Why does dask read sql table sometimes slow down?-CodePudding

When inquiring data through FastAPI, sometimes the inquiry speed is more than doubled.

Here is part of the Dataframe inquiry code.

import dask.dataframe as dd

connection_url = URL.create(
    "mssql pyodbc",
    username="aabcc",
    password="12345",
    host="127.0.0.1",
    port=2712,
    database="test",
    query={
        "driver": "ODBC Driver 17 for SQL Server",
        "Trusted_Connection": "yes",
    },
)

def get_data():
    df = dd.read_sql_table(table='troya',
                       uri=connection_url, index_col='no')
    df = df.compute()
    
    return df

Here is part of the FastAPI part code.

@bp.get("/test/{row}")
def test_get(request: Request, row):
    df = get_data()
    ...

I would appreciate it if you could tell me why this problem occurs.
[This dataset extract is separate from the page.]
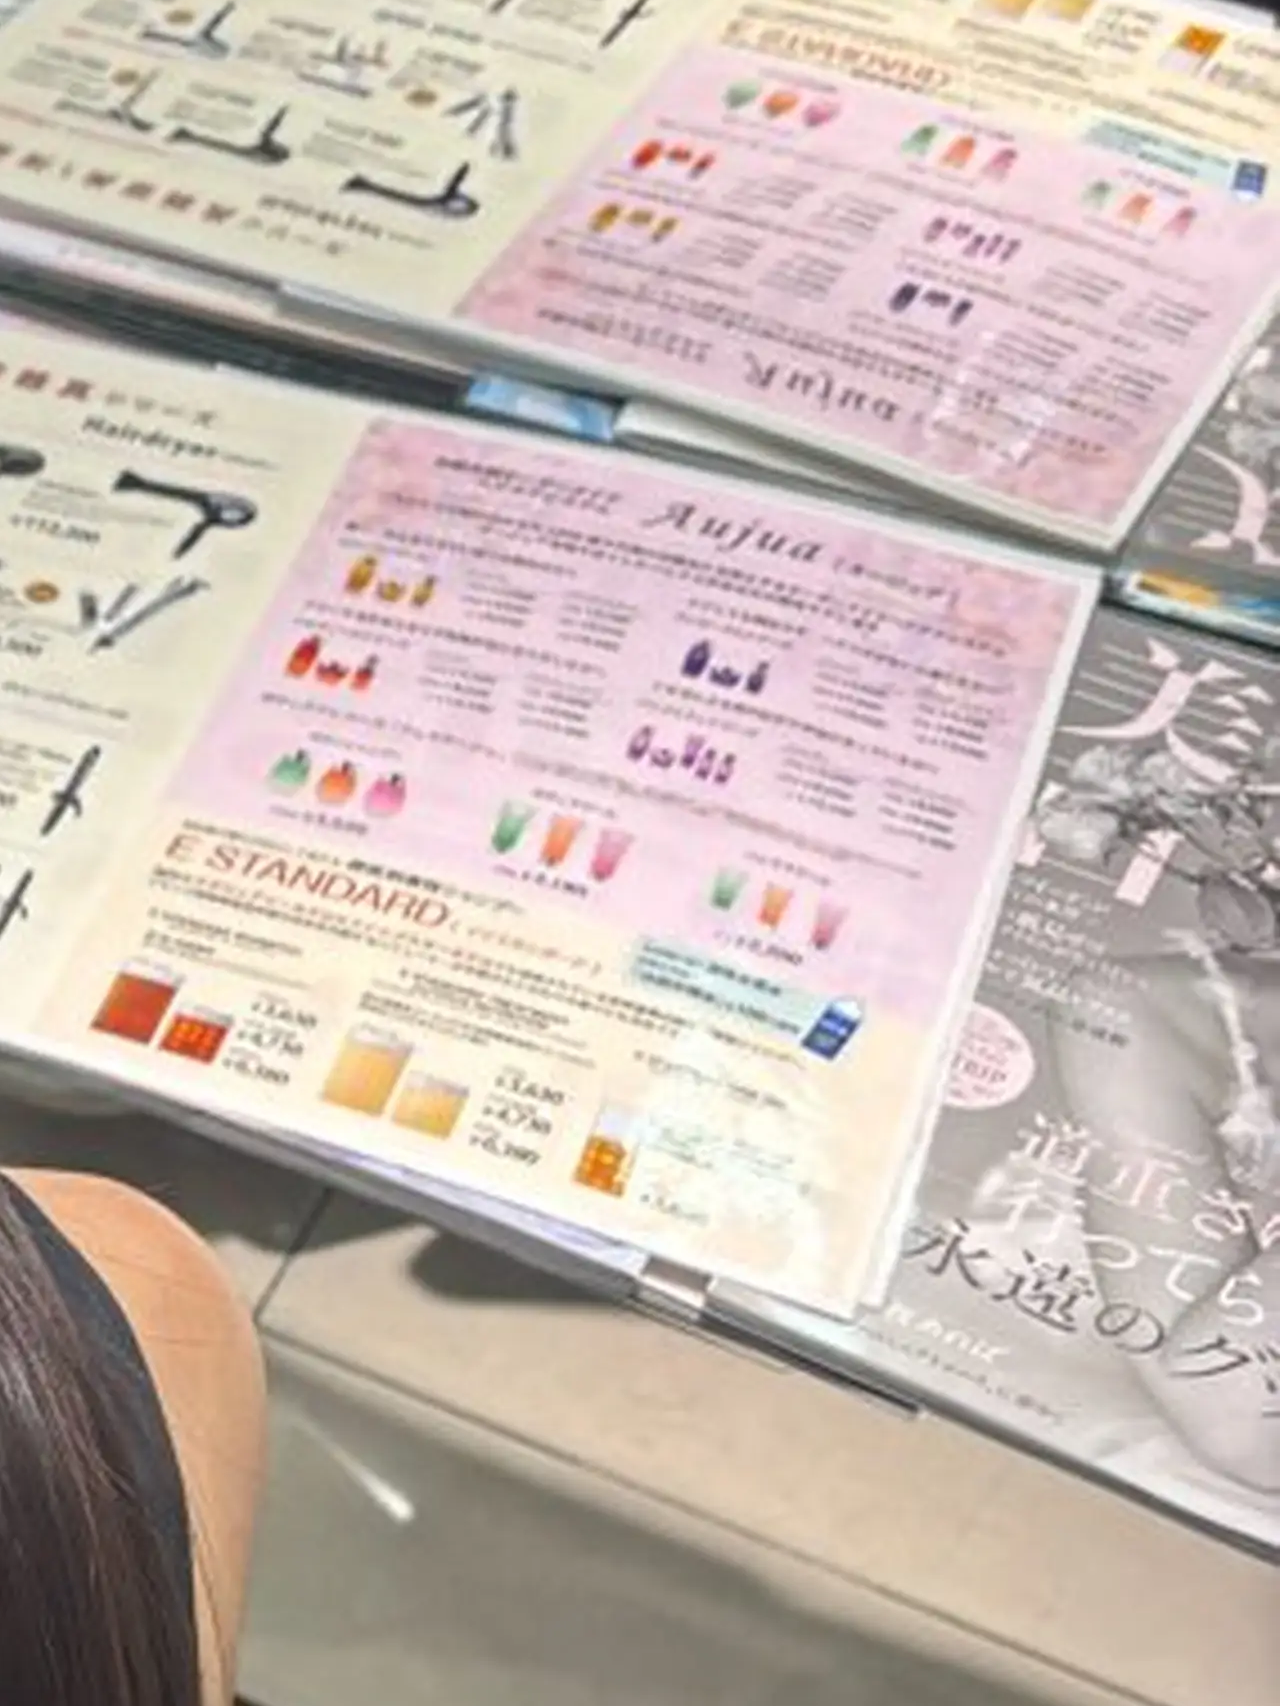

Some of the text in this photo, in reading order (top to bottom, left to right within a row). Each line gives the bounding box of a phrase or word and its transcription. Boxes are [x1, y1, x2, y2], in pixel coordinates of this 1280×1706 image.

[641, 501, 822, 562] Aujua
[204, 844, 450, 929] STANDARD
[903, 1218, 1280, 1394] 永遠のグ
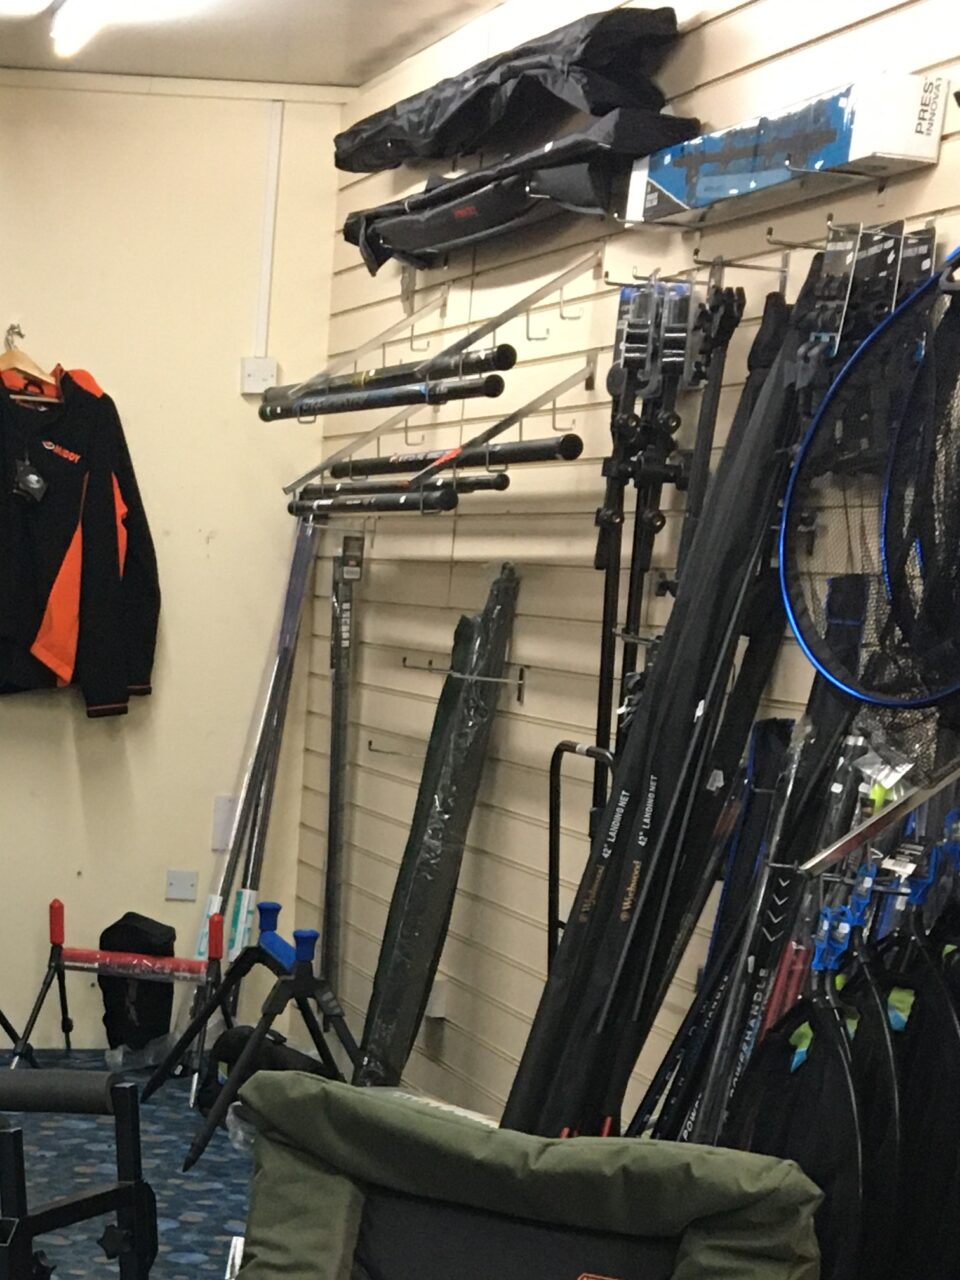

CodePudding user response：

One of the core advantages of dask is the ability to distribute and coordinate workload across multiple workers. This advantage disappears when dask is used to load and immediately compute, so in the snippet above the following two lines are a bit of an antipattern:

    df = dd.read_sql_table(table='troya',
                       uri=connection_url, index_col='no')
    df = df.compute()

What happens is work is distributed, but then has to be transferred from workers to a single client node. The solutions depend on your use case, if it's possible to continue the work in parallel/distributed fashion, then dask might still be handy, but if the workflow has to be sequential, then pandas/sqlalchemy might be a more appropriate choice.